For conversion rates, that’s a function of traffic versus sales. So, I turned to Google Spreadsheets. Using the Google Analytics API, I pull in traffic counts to sales pages into a spreadsheet. Then I remotely pull in number of sales from my internal system. All this is done using Apps Script, which is a programming interface that works with Google Apps. Then, I run the calculation to get conversion rates and I display that data in the Cyfe dashboard using the Google Spreadsheets widget.

Not gonna lie… that’s geeky. 🙂 And I don’t expect that many reading this will be able to do it. But, you can always hire a coder to get it done for you.

In essence, the data you need is almost always there. It is just disconnected. And sometimes the act of connecting it and displaying it into an easy way requires you to do programming to make different systems talk to each other and make calculations based on that.

It is what it is. 🙂

Focus On The Numbers

I’ll end off with this…

It is highly important that you manage and grow your blog-based online business using real metrics. Not fuzzy feelings or cute little metrics like blog comments, but real metrics which matter.

That is, if you’re in this for the purpose of business. 🙂

You could go around and track your core numbers manually. You could even keep a running record of them in a spreadsheet and even have a virtual assistant update it for you. Good old “human automation” at work. 😉

But, if you want to take it up a notch, consider taking the time to set up a dashboard.
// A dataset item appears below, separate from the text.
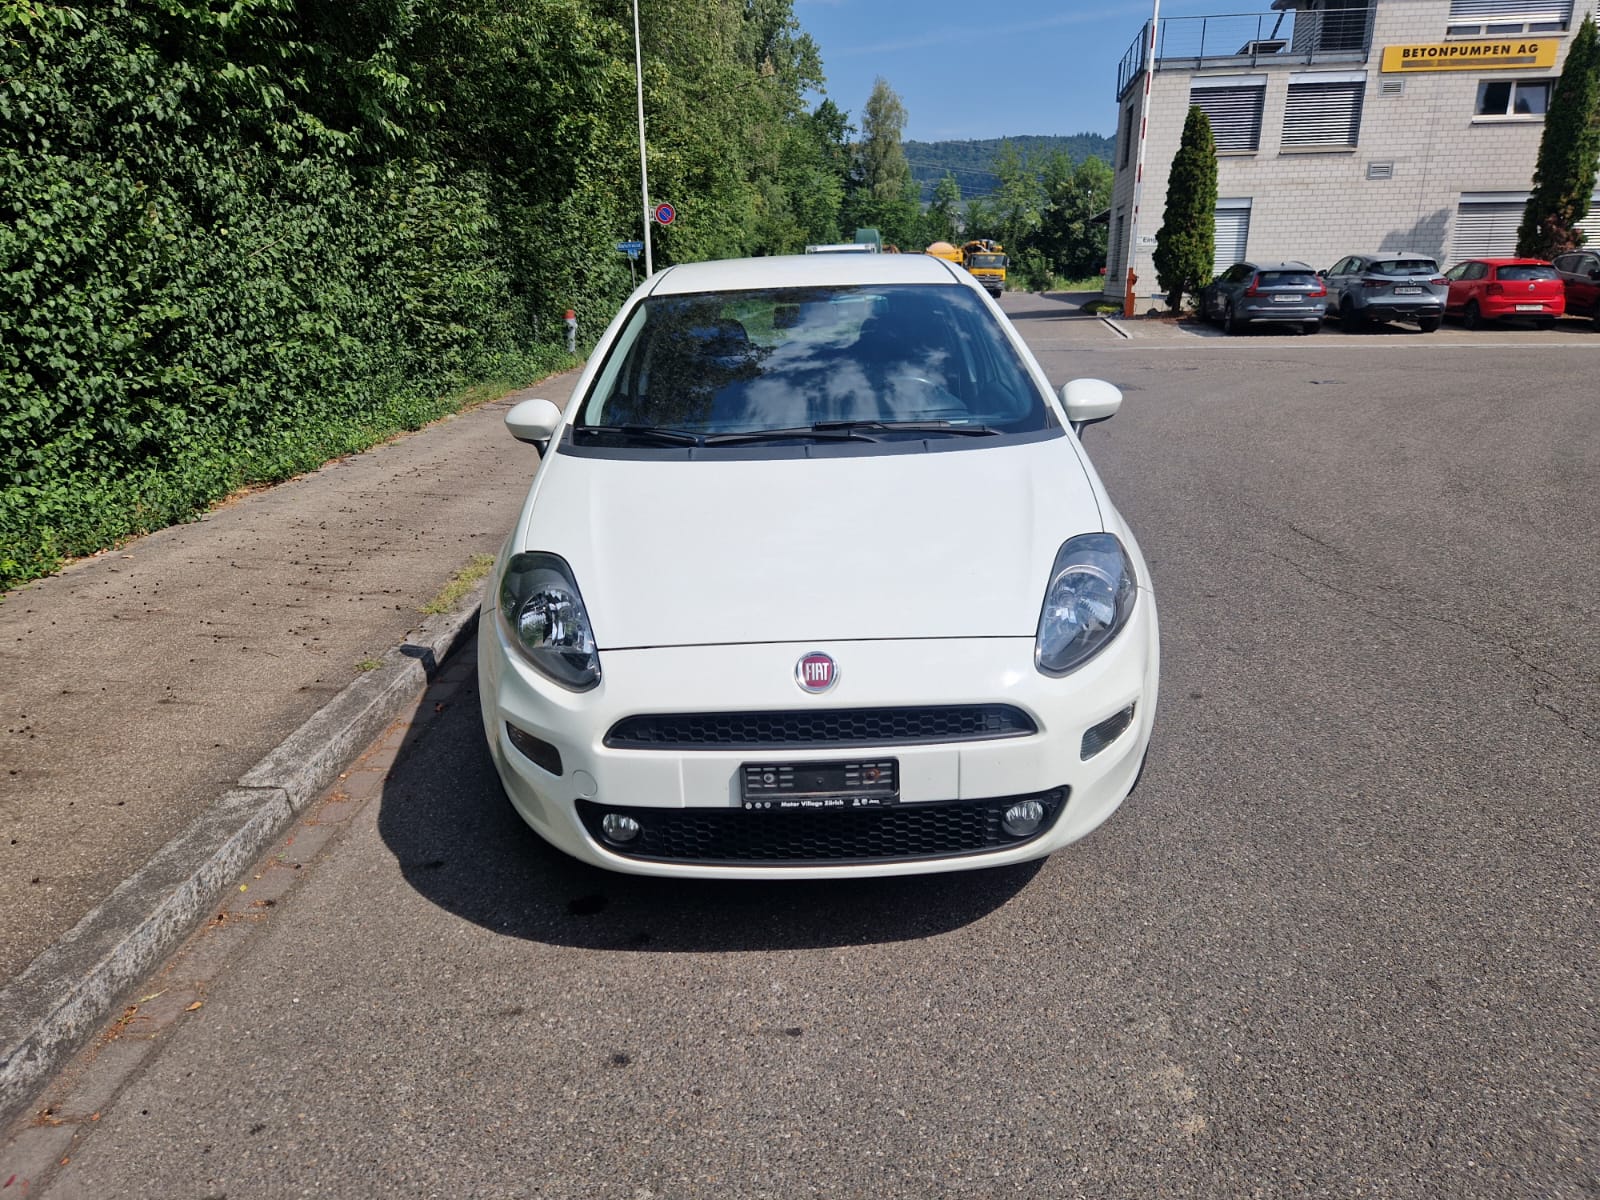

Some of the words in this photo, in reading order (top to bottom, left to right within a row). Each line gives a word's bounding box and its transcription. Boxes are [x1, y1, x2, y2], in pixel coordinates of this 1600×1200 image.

It is like the instrument panel for your business. Your car has one. Planes have one. Your business should, too.

If you want to dive deeper into this with me, consider joining us inside the Blog Monetization Lab. Very soon, I am going to be doing an instructional series and turn it into a new Action Plan… and it will be how to set up a dashboard like this. And in it, I’m going to be sharing exact scripts and getting deeper into the technicals on how to do it. If you want to be a part of it, you’ll need to be a Lab member. 🙂

One Comment

  1. Nice read, you explain how to setup gathering these metric very well. However, I do think it is important that you first define how and which metrics are drivers for change. Very often webmaster become too caught up in for example link building whilst forgetting about the picture: ‘building value for the end-user’.

    One way to do this is to make a plan containing at least which metrics in which timeframe and how much they should increase. As well as defining a plan to get there.